A Few Interesting Observations From the Budget

Much has been written of the Federal Government’s recent Federal Budget and the changes proposed, and we provide our comments on some of these announcements below:

  • The cut in deductible superannuation contributions that can be made from 1 July 2009 (reduced to $50,000 for those 50 and over, and $25,000 for all others).
    Will this slow down the number of people setting up their own self managed superannuation funds going forward, given the costs to set up, prepare accounts and have them audited each year?
  • The taxing up front of shares and options issued under employee share plans (instead of allowing for the taxation such shares and options when they vest).

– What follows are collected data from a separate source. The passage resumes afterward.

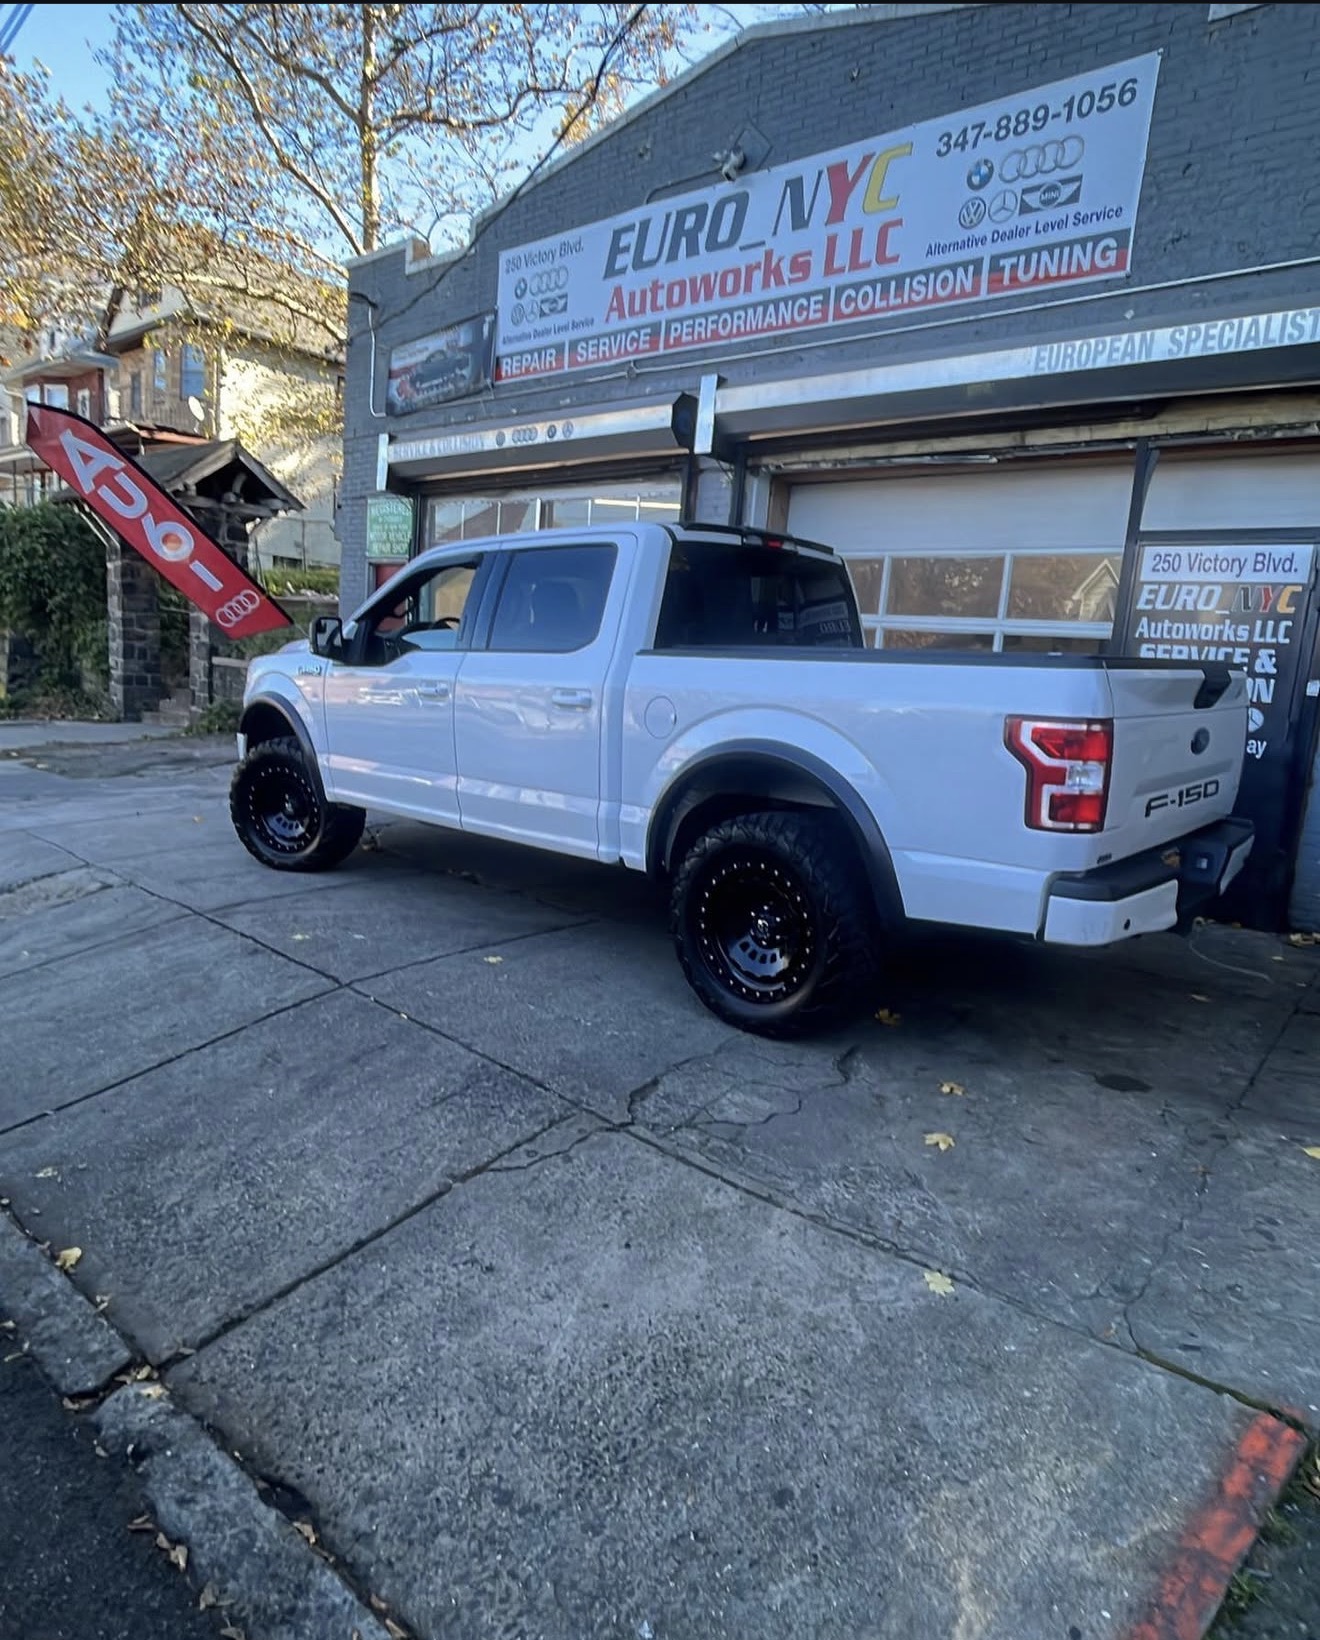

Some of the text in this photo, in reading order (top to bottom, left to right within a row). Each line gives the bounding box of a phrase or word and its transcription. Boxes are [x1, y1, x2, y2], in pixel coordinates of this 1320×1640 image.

[936, 78, 1138, 158] 347-889-1056
[926, 205, 1124, 258] Alternative Dealer Level Service
[524, 248, 557, 268] Victory
[559, 236, 585, 257] Blvd.
[604, 217, 904, 324] Autoworks LLC
[501, 237, 1119, 378] REPAIR SERVICE PERFORMANCE COLLISION TUNING
[1034, 331, 1155, 373] EUROPEAN
[1152, 552, 1299, 578] 250 Victory Blvd.
[1135, 617, 1293, 644] Autoworks LLC
[1255, 648, 1278, 675] &
[1145, 779, 1220, 818] F-150

    Given the number of public companies now suspending their employee share plans, will the Government be forced to back down on these changes?
  • The reduction in the private health insurance rebate for those the government considers to be well off (the rebate reduces from 30% of premiums to zero for singles with income over $120,000 and families with combined income of $240,000).

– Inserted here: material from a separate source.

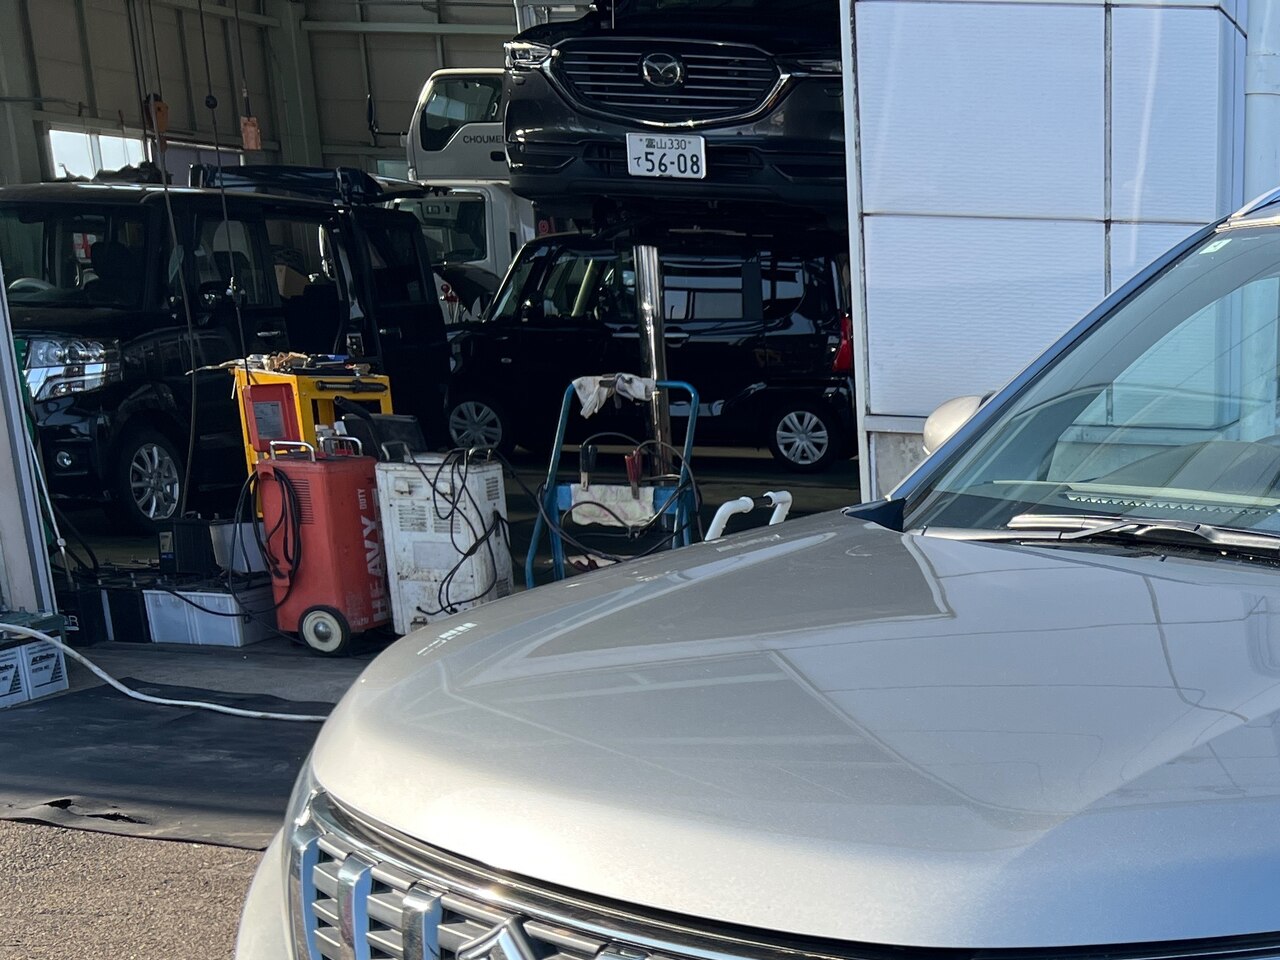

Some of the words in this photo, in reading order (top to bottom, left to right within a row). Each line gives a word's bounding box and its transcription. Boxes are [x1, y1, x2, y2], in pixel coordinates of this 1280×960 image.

[463, 135, 504, 143] CHOUME
[644, 152, 700, 175] 56-08
[357, 488, 368, 510] DUTY
[360, 515, 388, 623] HEAVY

    Does this mean those people that have organized with the health fund to apply the 30% reduction direct against premiums should now organize to stop this, as they might not know how much of the rebate that can claim until their tax return is lodged?

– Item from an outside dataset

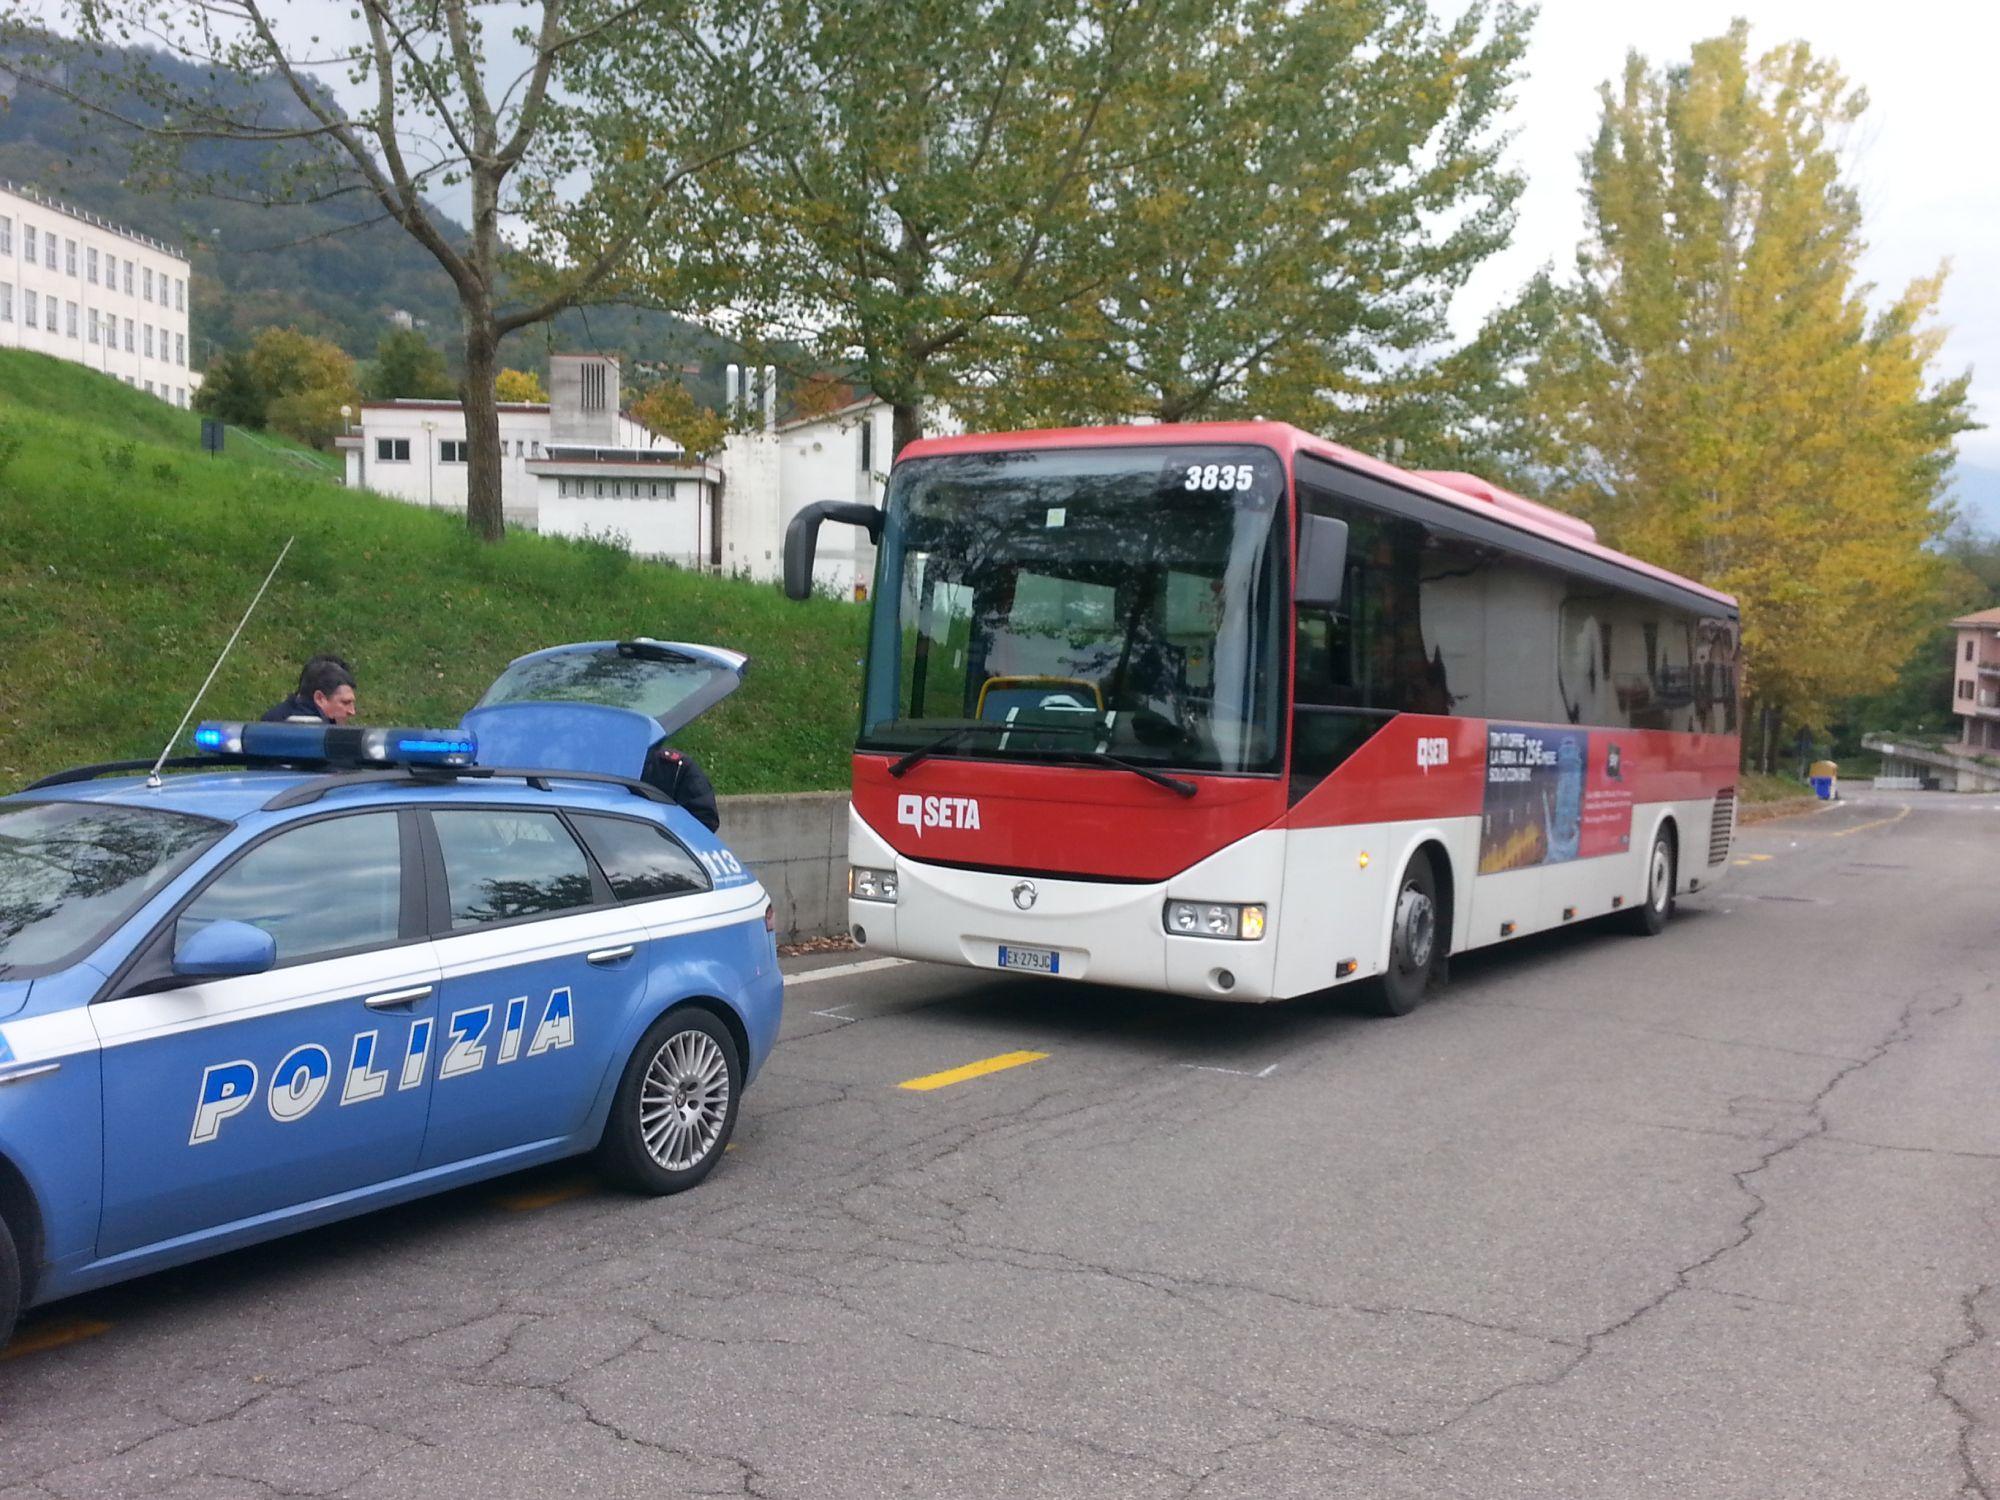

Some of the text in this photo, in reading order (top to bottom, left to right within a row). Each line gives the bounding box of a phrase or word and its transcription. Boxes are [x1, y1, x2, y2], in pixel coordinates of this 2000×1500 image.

[1184, 464, 1254, 491] 3835
[923, 795, 981, 830] SETA
[700, 848, 742, 876] 113
[188, 986, 575, 1146] POLIZIA

  • The removal of the ability to apply deductions for losses made from businesses (such as primary production/agricultural businesses) where the taxpayer has other personal taxable income greater than $250,000.
    What we now wait to see is what the government defines as non-commercial, and how that is different to the existing rules that define it.

Further changes were announced in the budget but were not as widely reported as the above changes.  These included:

  • All closely held trusts (eg family trusts) that distribute income will need to report the tax file numbers of all beneficiaries receiving the distribution, otherwise the trustee is required to withhold tax at the rate of 46.5%.
    So we are back to having all children that get trust distributions needing to have tax file numbers in order to distribute to them.
  • The Tax Office has been given further funding to expand its auditing of wealthy individuals.
    Previously, the Tax Office was targeting those considered to have wealth over $30 million. It appears this threshold has been greatly reduced, as now those with wealth over $5 million will potentially receive Tax office attention and audit.